§ **Exercise description**:
Please restate each line of the data below exactly. Omit all images.

(Spatial localization data)

* * * * *

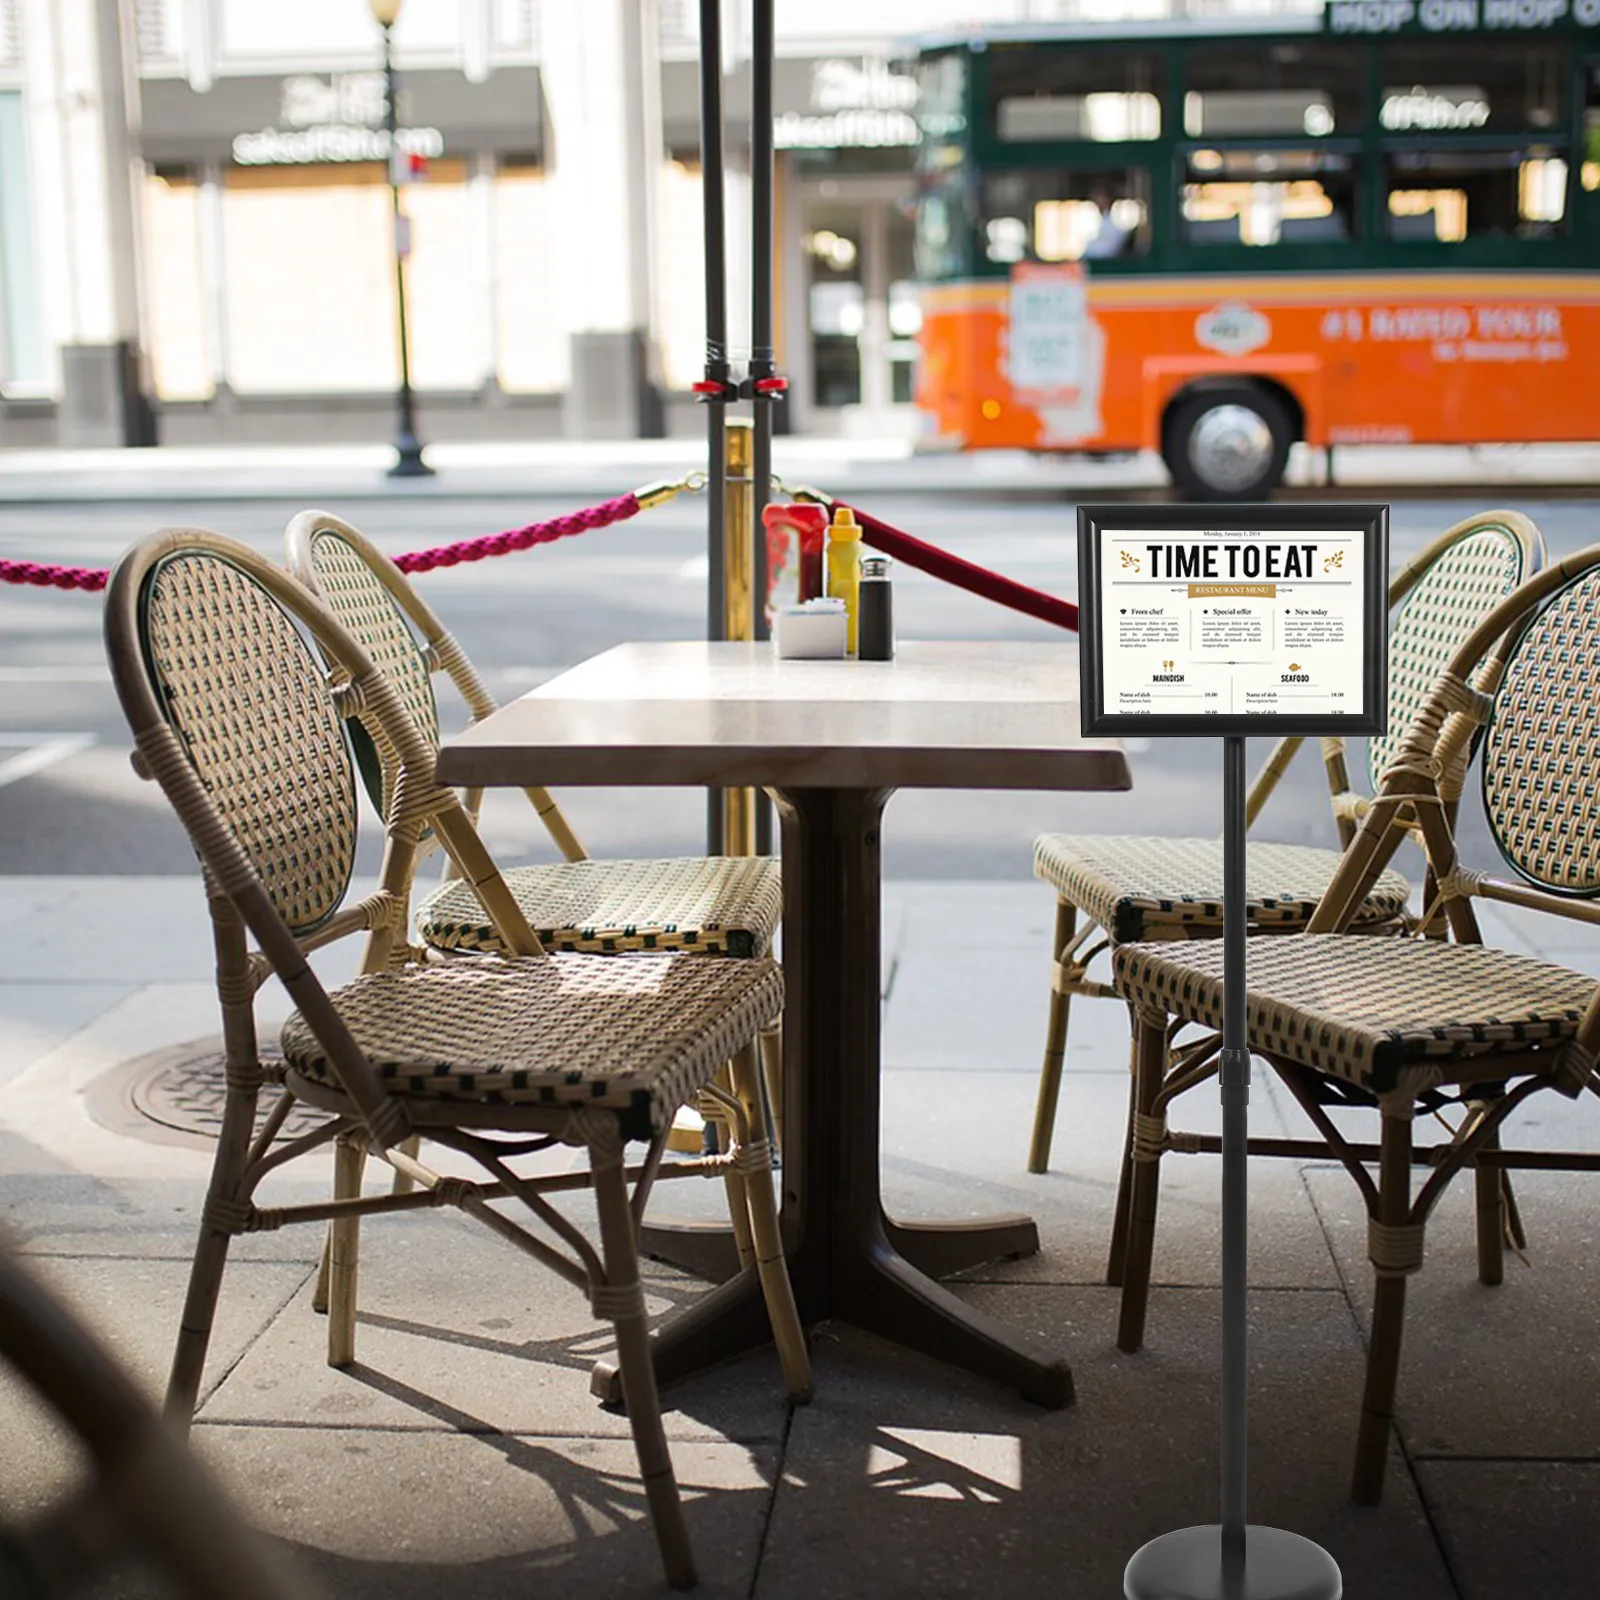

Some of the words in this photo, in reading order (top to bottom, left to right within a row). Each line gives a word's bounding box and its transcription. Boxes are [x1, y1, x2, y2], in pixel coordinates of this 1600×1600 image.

[1146, 545, 1219, 578] TIME
[1223, 545, 1260, 578] TO
[1265, 545, 1318, 578] EAT
[1195, 586, 1245, 594] RESTAURANT
[1246, 586, 1269, 594] MENU
[1212, 608, 1236, 616] Special
[1310, 608, 1328, 616] today

* * * * *

§ **Answer**:
Some of the words in this photo, in reading order (top to bottom, left to right within a row). Each line gives a word's bounding box and its transcription. Boxes are [x1, y1, x2, y2], in pixel coordinates of this 1600×1600 image.

[1146, 545, 1219, 578] TIME
[1223, 545, 1260, 578] TO
[1265, 545, 1318, 578] EAT
[1195, 586, 1245, 594] RESTAURANT
[1246, 586, 1269, 594] MENU
[1212, 608, 1236, 616] Special
[1310, 608, 1328, 616] today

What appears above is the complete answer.